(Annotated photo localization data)
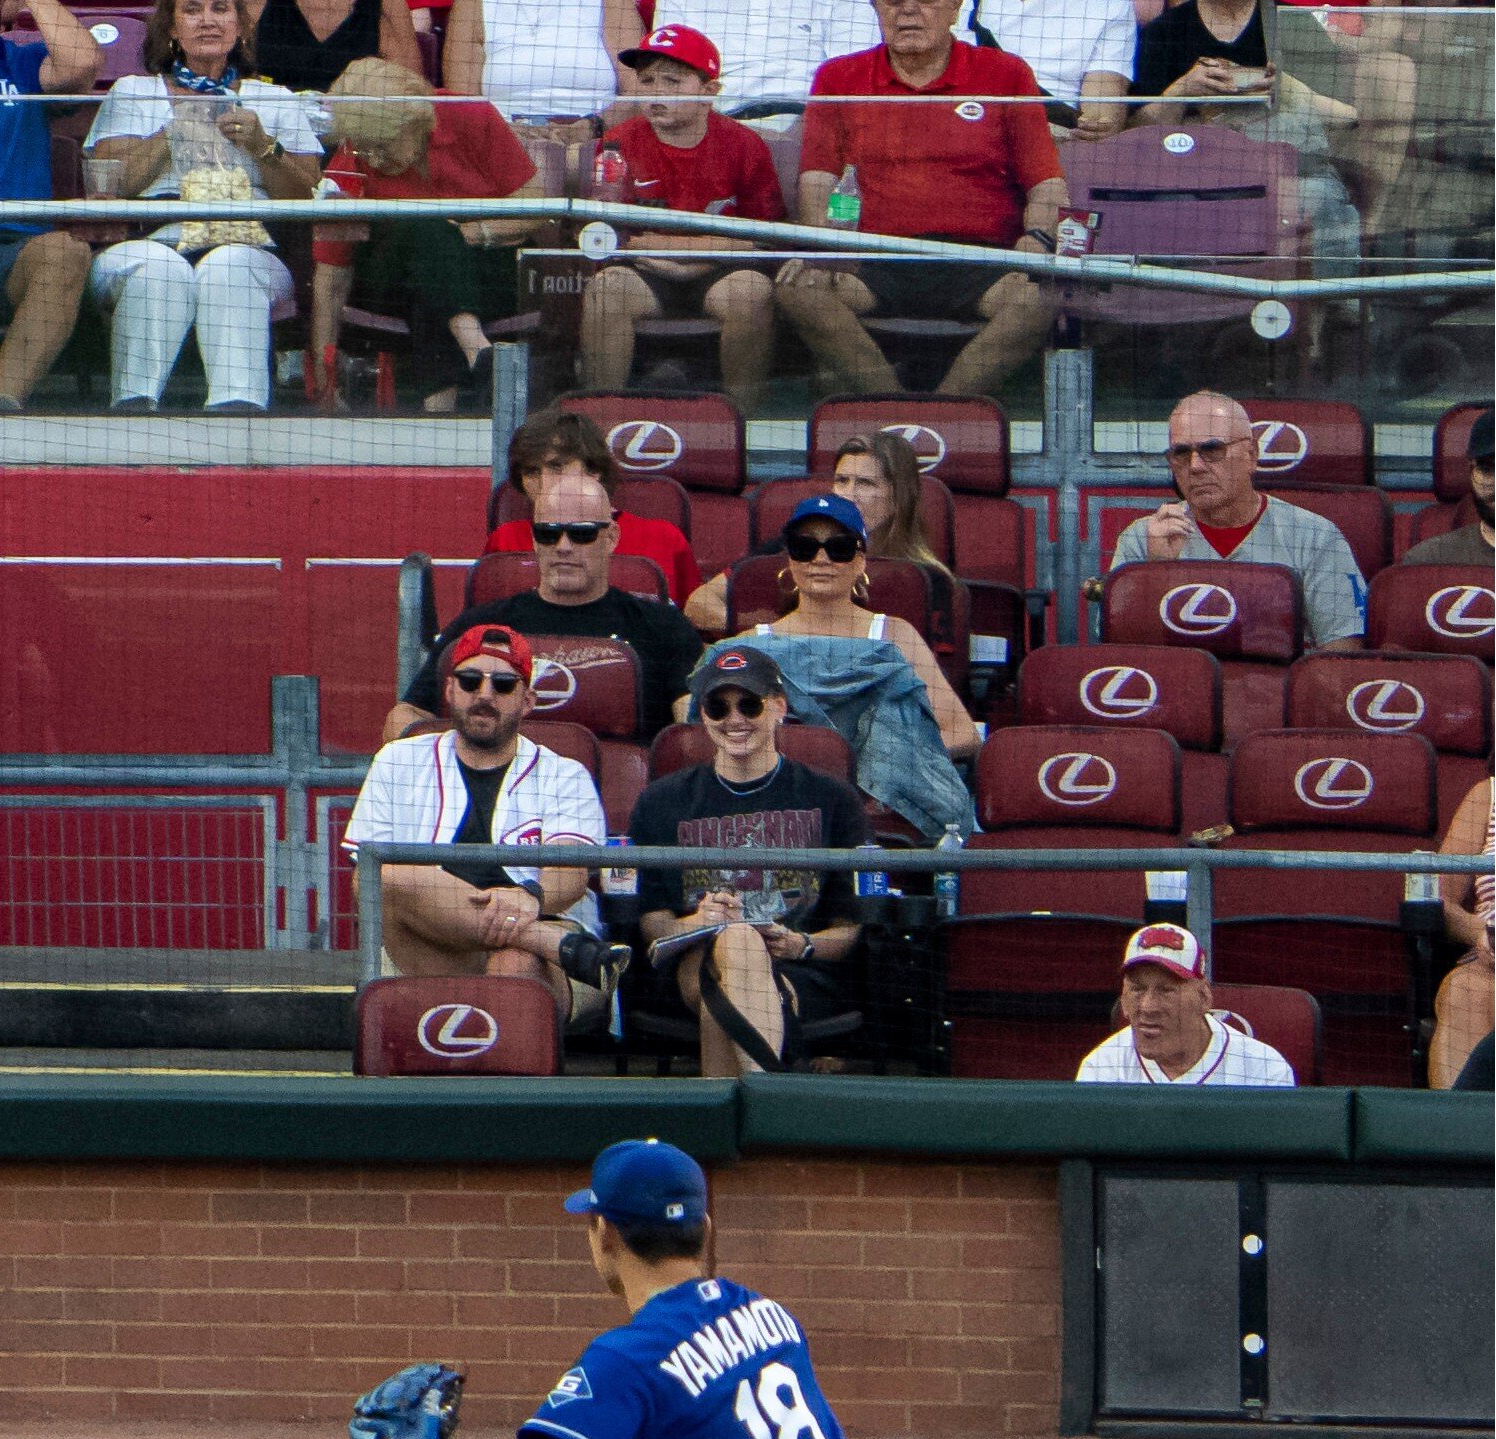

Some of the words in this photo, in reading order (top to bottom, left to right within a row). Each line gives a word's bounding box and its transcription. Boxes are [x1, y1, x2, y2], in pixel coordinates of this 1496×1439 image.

[648, 28, 679, 47] C
[717, 652, 747, 670] C
[660, 1299, 801, 1397] YAMAMOTO
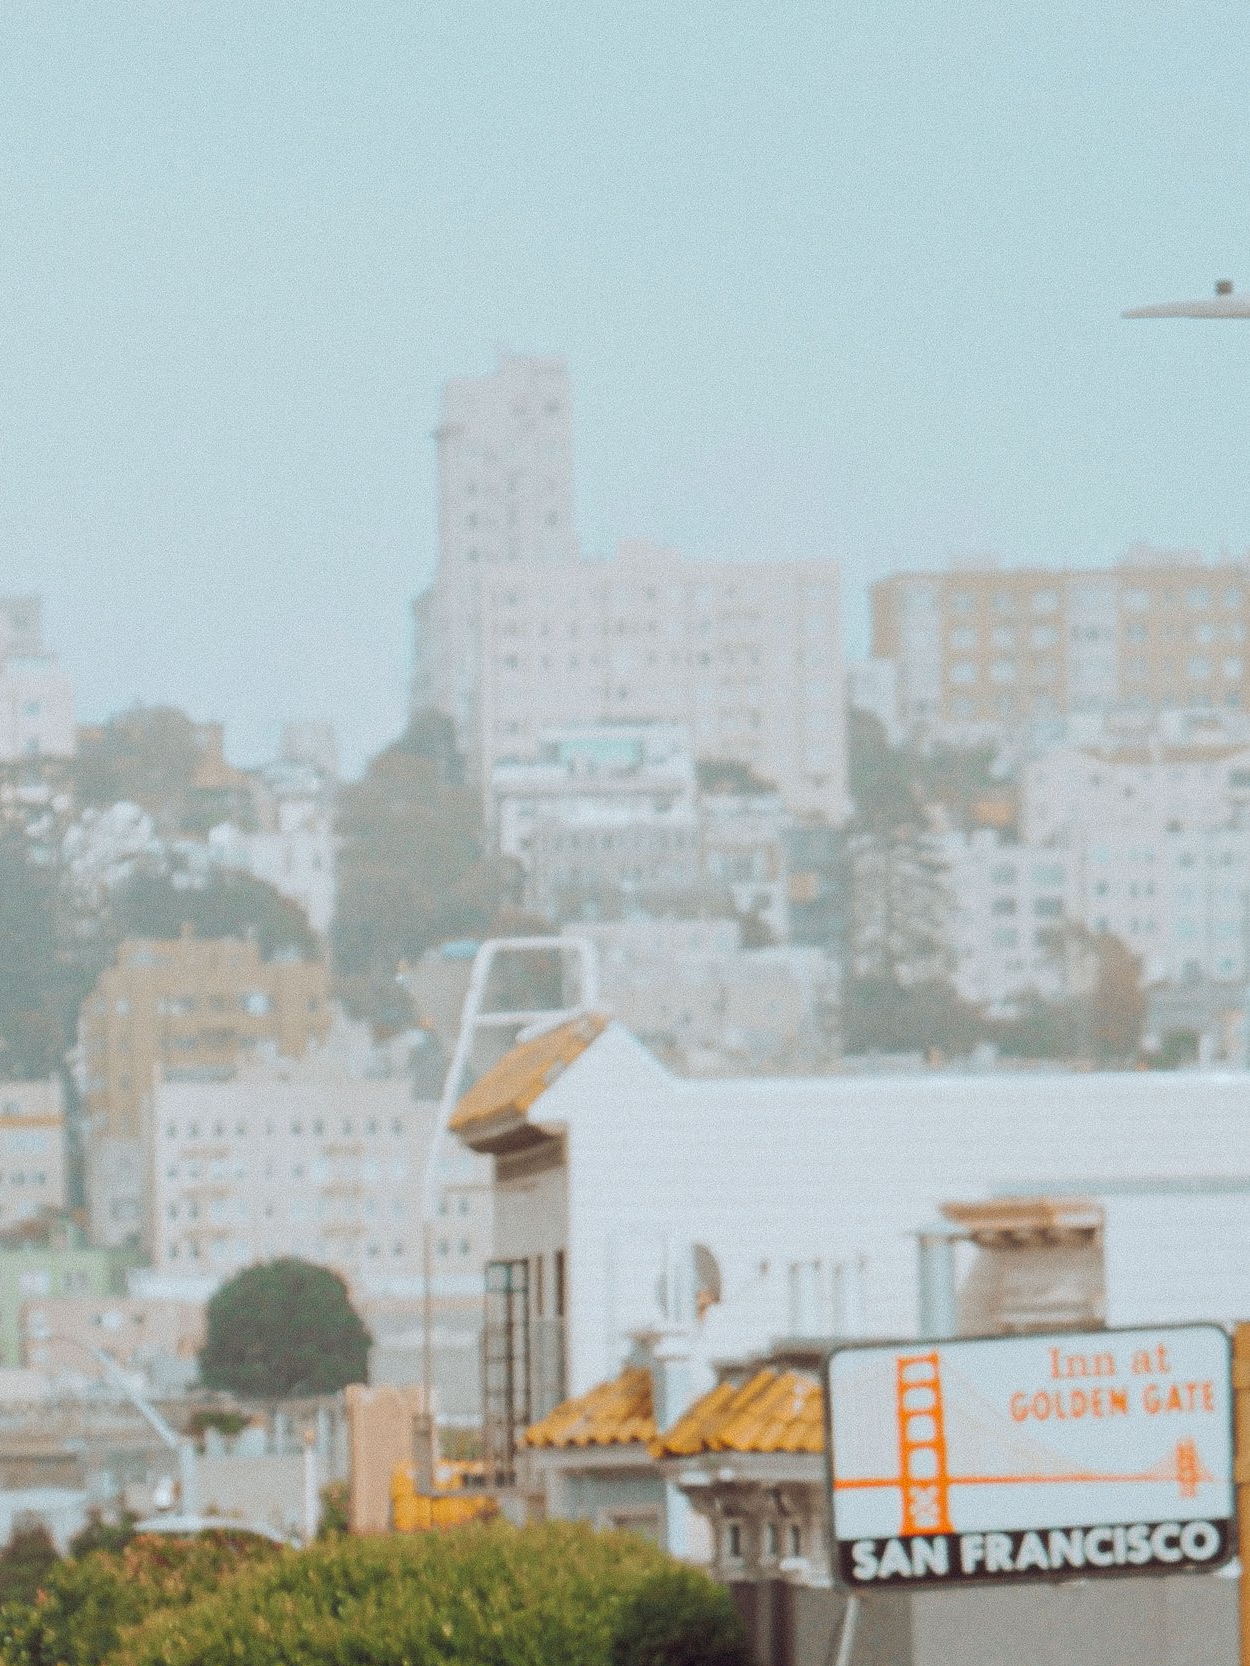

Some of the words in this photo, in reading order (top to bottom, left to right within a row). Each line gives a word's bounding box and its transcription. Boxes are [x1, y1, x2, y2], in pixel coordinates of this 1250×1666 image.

[1049, 1346, 1116, 1380] Inn
[1131, 1342, 1172, 1375] at
[1008, 1385, 1129, 1423] GOLDEN
[1142, 1381, 1215, 1415] GATE
[850, 1536, 949, 1582] SAN
[958, 1520, 1221, 1575] FRANCISCO
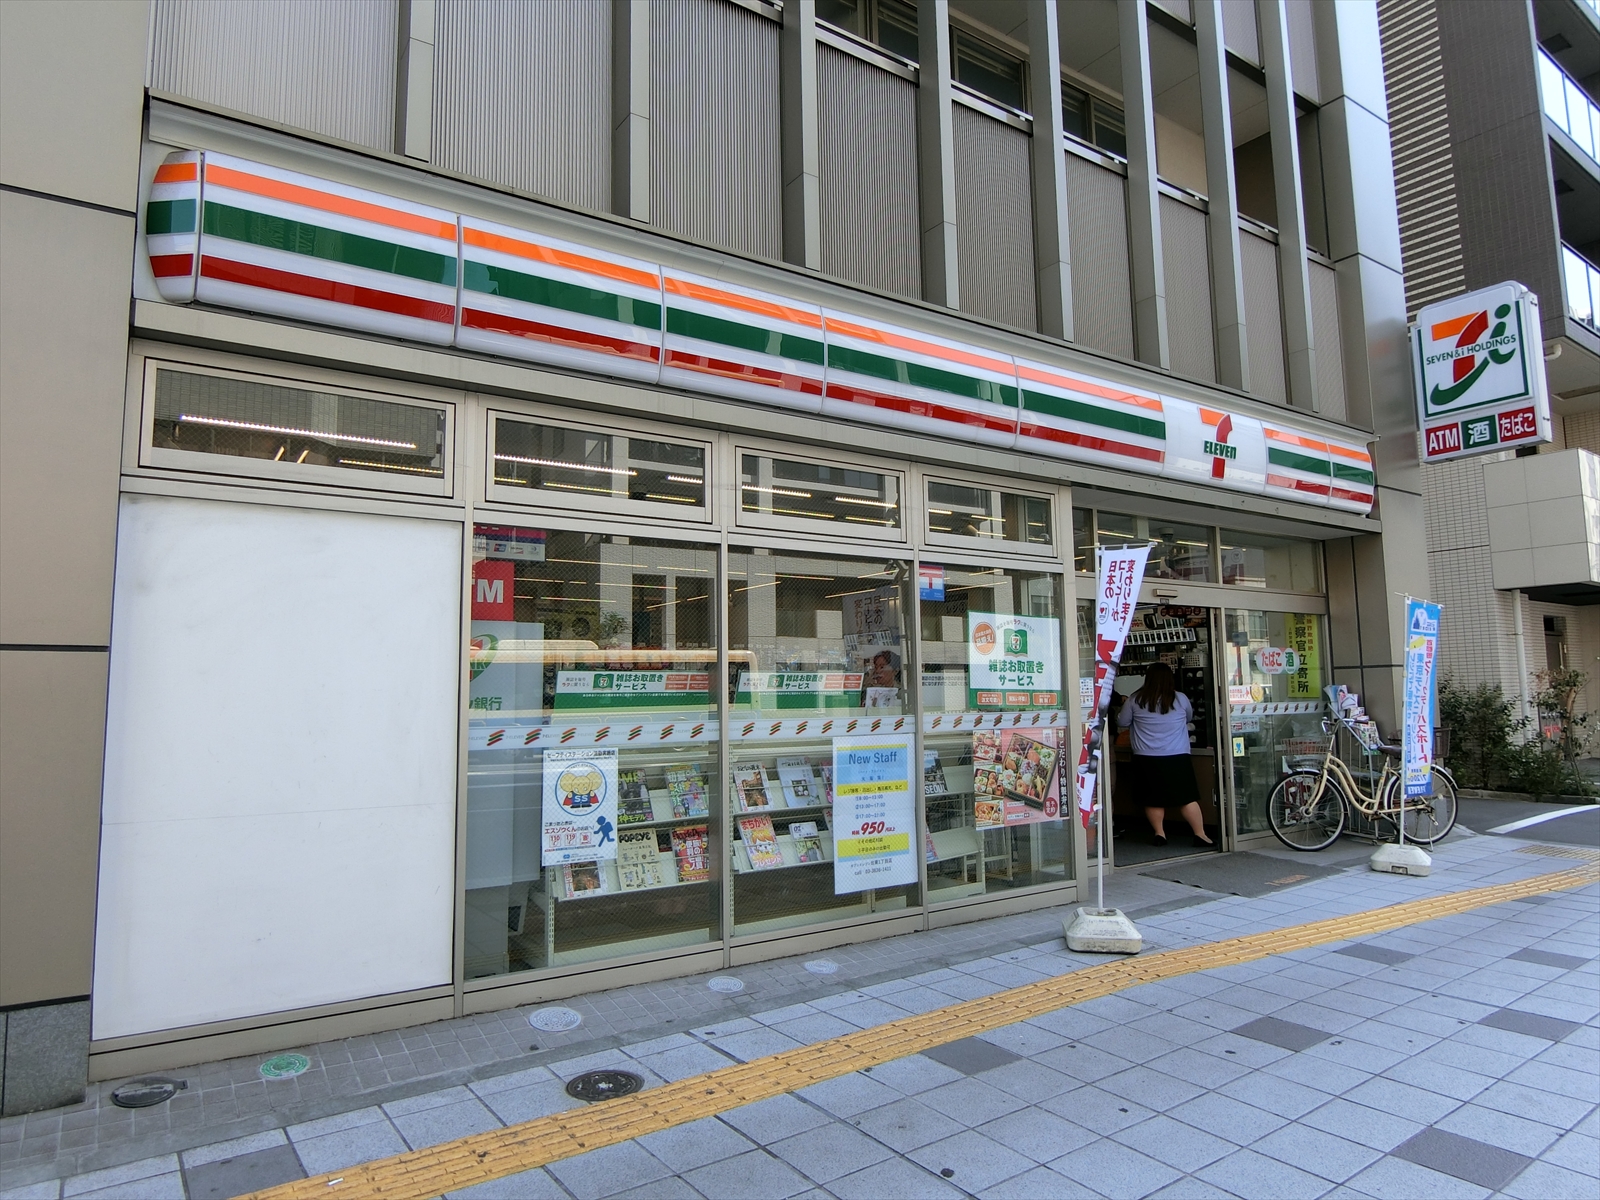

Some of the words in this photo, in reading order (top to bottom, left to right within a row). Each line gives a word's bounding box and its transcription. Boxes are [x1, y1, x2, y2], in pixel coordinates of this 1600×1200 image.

[1466, 334, 1517, 355] HOLDINGS
[1500, 412, 1535, 438] たばこ
[1428, 427, 1458, 452] ATM
[1468, 420, 1490, 445] 酒
[1261, 651, 1282, 668] たばこ
[1285, 651, 1294, 668] 酒
[1294, 613, 1309, 693] 警察官立寄所
[988, 659, 1044, 674] 雑誌お取置き
[616, 673, 664, 683] 雑誌お取置き
[785, 674, 823, 682] 雑誌お取置き
[998, 675, 1034, 686] サービス
[615, 683, 647, 691] サービス
[785, 682, 810, 690] サービス
[848, 753, 871, 765] New
[873, 751, 897, 763] Staff
[861, 821, 885, 835] 950
[619, 831, 652, 844] POPEYE

• **Directions**
Exact copy, no pictures: set down all the entries again as they stand.

• **Task response**
Some of the words in this photo, in reading order (top to bottom, left to right within a row). Each line gives a word's bounding box and its transcription. Boxes are [x1, y1, x2, y2], in pixel coordinates of this 1496×1439 image.

[648, 28, 679, 47] C
[717, 652, 747, 670] C
[660, 1299, 801, 1397] YAMAMOTO

Some of the words in this photo, in reading order (top to bottom, left to right within a row). Each line gives a word's bounding box and its transcription. Boxes are [x1, y1, x2, y2], in pixel coordinates of this 1250×1666 image.

[1049, 1346, 1116, 1380] Inn
[1131, 1342, 1172, 1375] at
[1008, 1385, 1129, 1423] GOLDEN
[1142, 1381, 1215, 1415] GATE
[850, 1536, 949, 1582] SAN
[958, 1520, 1221, 1575] FRANCISCO

Some of the words in this photo, in reading order (top to bottom, left to right within a row). Each line gives a word's bounding box and its transcription. Boxes are [x1, y1, x2, y2], in pixel coordinates of this 1600×1200 image.

[1466, 334, 1517, 355] HOLDINGS
[1500, 412, 1535, 438] たばこ
[1428, 427, 1458, 452] ATM
[1468, 420, 1490, 445] 酒
[1261, 651, 1282, 668] たばこ
[1285, 651, 1294, 668] 酒
[1294, 613, 1309, 693] 警察官立寄所
[988, 659, 1044, 674] 雑誌お取置き
[616, 673, 664, 683] 雑誌お取置き
[785, 674, 823, 682] 雑誌お取置き
[998, 675, 1034, 686] サービス
[615, 683, 647, 691] サービス
[785, 682, 810, 690] サービス
[848, 753, 871, 765] New
[873, 751, 897, 763] Staff
[861, 821, 885, 835] 950
[619, 831, 652, 844] POPEYE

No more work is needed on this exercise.